-- Records for the task follows --
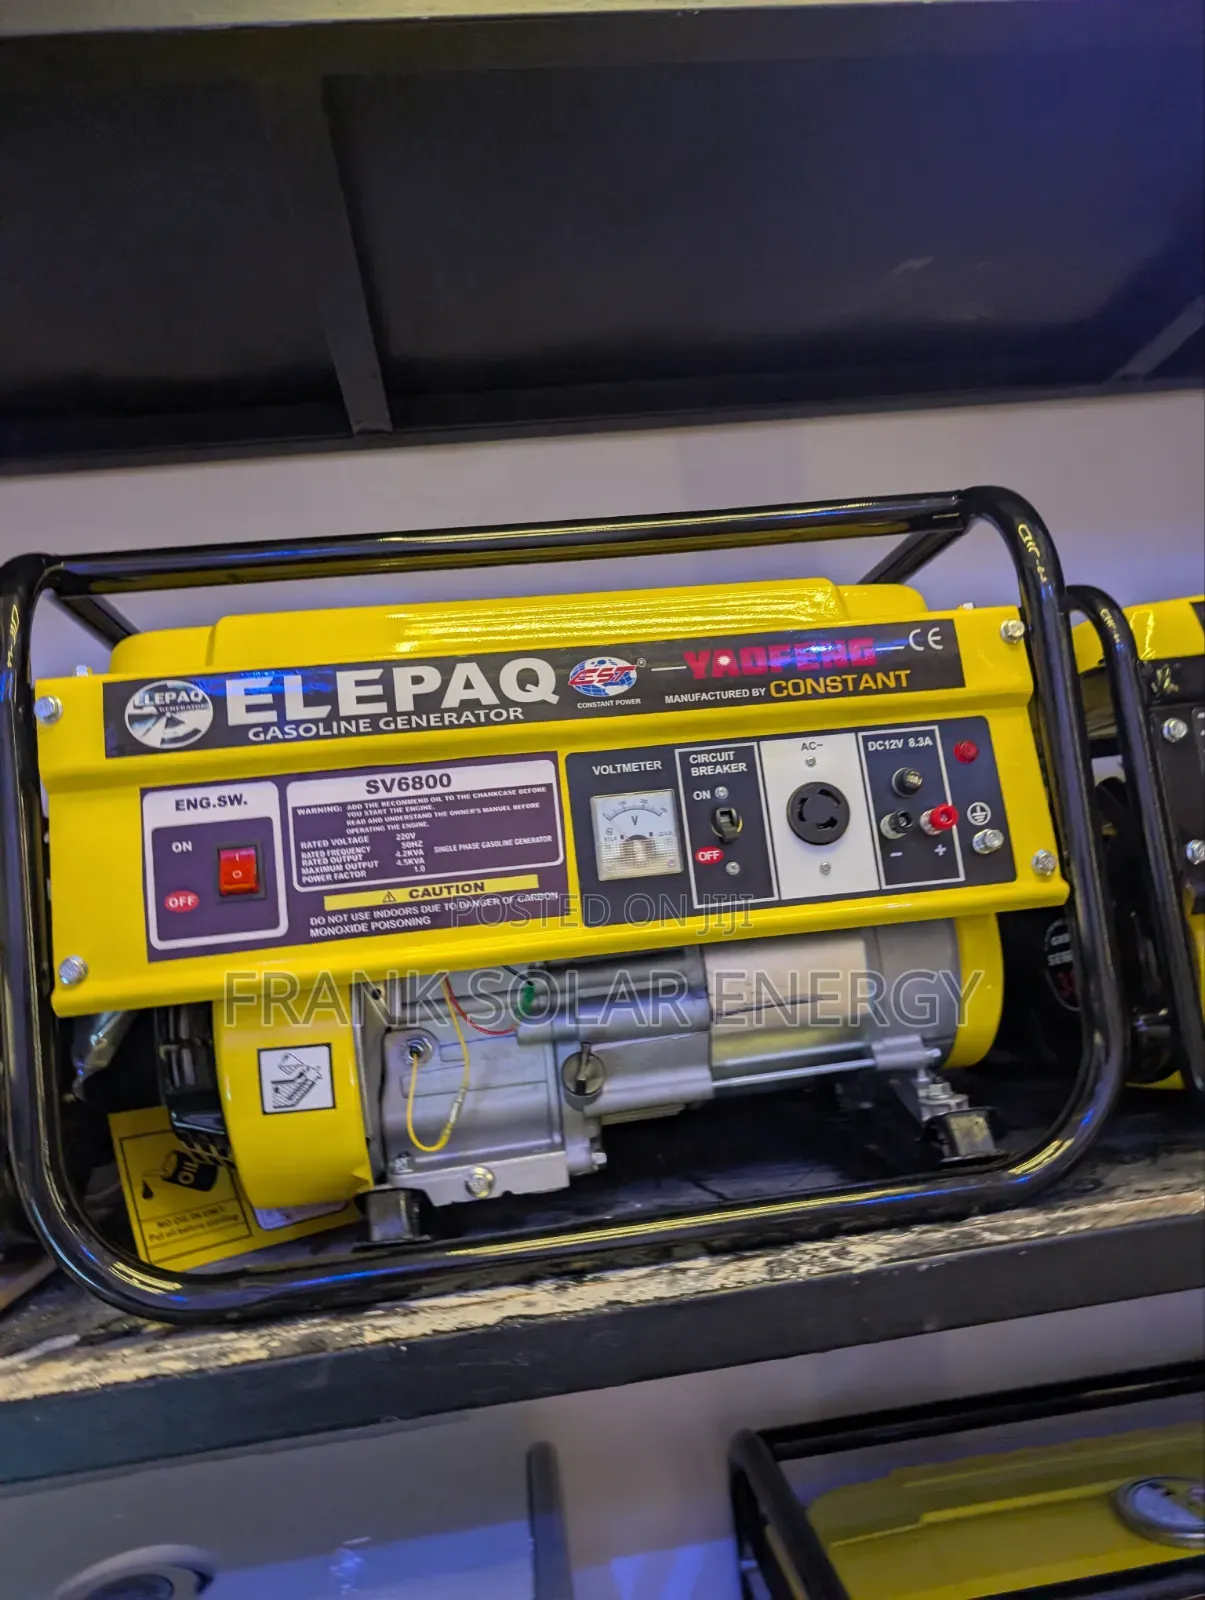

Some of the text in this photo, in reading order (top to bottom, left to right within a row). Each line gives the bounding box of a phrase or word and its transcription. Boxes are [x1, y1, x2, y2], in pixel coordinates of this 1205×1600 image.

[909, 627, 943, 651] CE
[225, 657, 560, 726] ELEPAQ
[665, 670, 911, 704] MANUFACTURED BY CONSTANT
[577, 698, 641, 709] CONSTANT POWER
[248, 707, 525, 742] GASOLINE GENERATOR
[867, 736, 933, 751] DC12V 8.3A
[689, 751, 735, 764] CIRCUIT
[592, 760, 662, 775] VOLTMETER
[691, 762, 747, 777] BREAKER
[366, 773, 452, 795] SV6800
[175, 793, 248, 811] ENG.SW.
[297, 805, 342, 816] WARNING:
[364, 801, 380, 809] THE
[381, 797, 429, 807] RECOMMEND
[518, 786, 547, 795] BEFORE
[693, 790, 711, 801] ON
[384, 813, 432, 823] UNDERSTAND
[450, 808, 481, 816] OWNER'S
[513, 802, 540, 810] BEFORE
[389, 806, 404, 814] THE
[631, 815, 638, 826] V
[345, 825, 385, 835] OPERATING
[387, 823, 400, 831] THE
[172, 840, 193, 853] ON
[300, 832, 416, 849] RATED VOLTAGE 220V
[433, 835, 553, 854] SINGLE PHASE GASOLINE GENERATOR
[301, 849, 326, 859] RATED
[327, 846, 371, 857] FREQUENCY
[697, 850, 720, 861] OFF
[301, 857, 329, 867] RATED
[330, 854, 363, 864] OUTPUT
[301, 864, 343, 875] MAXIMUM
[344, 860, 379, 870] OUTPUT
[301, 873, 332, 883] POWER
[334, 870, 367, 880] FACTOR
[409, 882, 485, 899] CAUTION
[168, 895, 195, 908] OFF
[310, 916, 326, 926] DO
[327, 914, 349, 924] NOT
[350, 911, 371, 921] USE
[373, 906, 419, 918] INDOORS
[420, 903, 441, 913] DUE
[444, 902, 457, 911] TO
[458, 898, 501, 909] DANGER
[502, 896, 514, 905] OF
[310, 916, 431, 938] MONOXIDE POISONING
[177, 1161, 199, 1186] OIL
-- Records for the task concluded --
-- Your objective --
Your job is to copy every entry exactly. Omit the pictures.

-- Reply to the task --
Some of the text in this photo, in reading order (top to bottom, left to right within a row). Each line gives the bounding box of a phrase or word and its transcription. Boxes are [x1, y1, x2, y2], in pixel coordinates of this 1205×1600 image.

[909, 627, 943, 651] CE
[225, 657, 560, 726] ELEPAQ
[665, 670, 911, 704] MANUFACTURED BY CONSTANT
[577, 698, 641, 709] CONSTANT POWER
[248, 707, 525, 742] GASOLINE GENERATOR
[867, 736, 933, 751] DC12V 8.3A
[689, 751, 735, 764] CIRCUIT
[592, 760, 662, 775] VOLTMETER
[691, 762, 747, 777] BREAKER
[366, 773, 452, 795] SV6800
[175, 793, 248, 811] ENG.SW.
[297, 805, 342, 816] WARNING:
[364, 801, 380, 809] THE
[381, 797, 429, 807] RECOMMEND
[518, 786, 547, 795] BEFORE
[693, 790, 711, 801] ON
[384, 813, 432, 823] UNDERSTAND
[450, 808, 481, 816] OWNER'S
[513, 802, 540, 810] BEFORE
[389, 806, 404, 814] THE
[631, 815, 638, 826] V
[345, 825, 385, 835] OPERATING
[387, 823, 400, 831] THE
[172, 840, 193, 853] ON
[300, 832, 416, 849] RATED VOLTAGE 220V
[433, 835, 553, 854] SINGLE PHASE GASOLINE GENERATOR
[301, 849, 326, 859] RATED
[327, 846, 371, 857] FREQUENCY
[697, 850, 720, 861] OFF
[301, 857, 329, 867] RATED
[330, 854, 363, 864] OUTPUT
[301, 864, 343, 875] MAXIMUM
[344, 860, 379, 870] OUTPUT
[301, 873, 332, 883] POWER
[334, 870, 367, 880] FACTOR
[409, 882, 485, 899] CAUTION
[168, 895, 195, 908] OFF
[310, 916, 326, 926] DO
[327, 914, 349, 924] NOT
[350, 911, 371, 921] USE
[373, 906, 419, 918] INDOORS
[420, 903, 441, 913] DUE
[444, 902, 457, 911] TO
[458, 898, 501, 909] DANGER
[502, 896, 514, 905] OF
[310, 916, 431, 938] MONOXIDE POISONING
[177, 1161, 199, 1186] OIL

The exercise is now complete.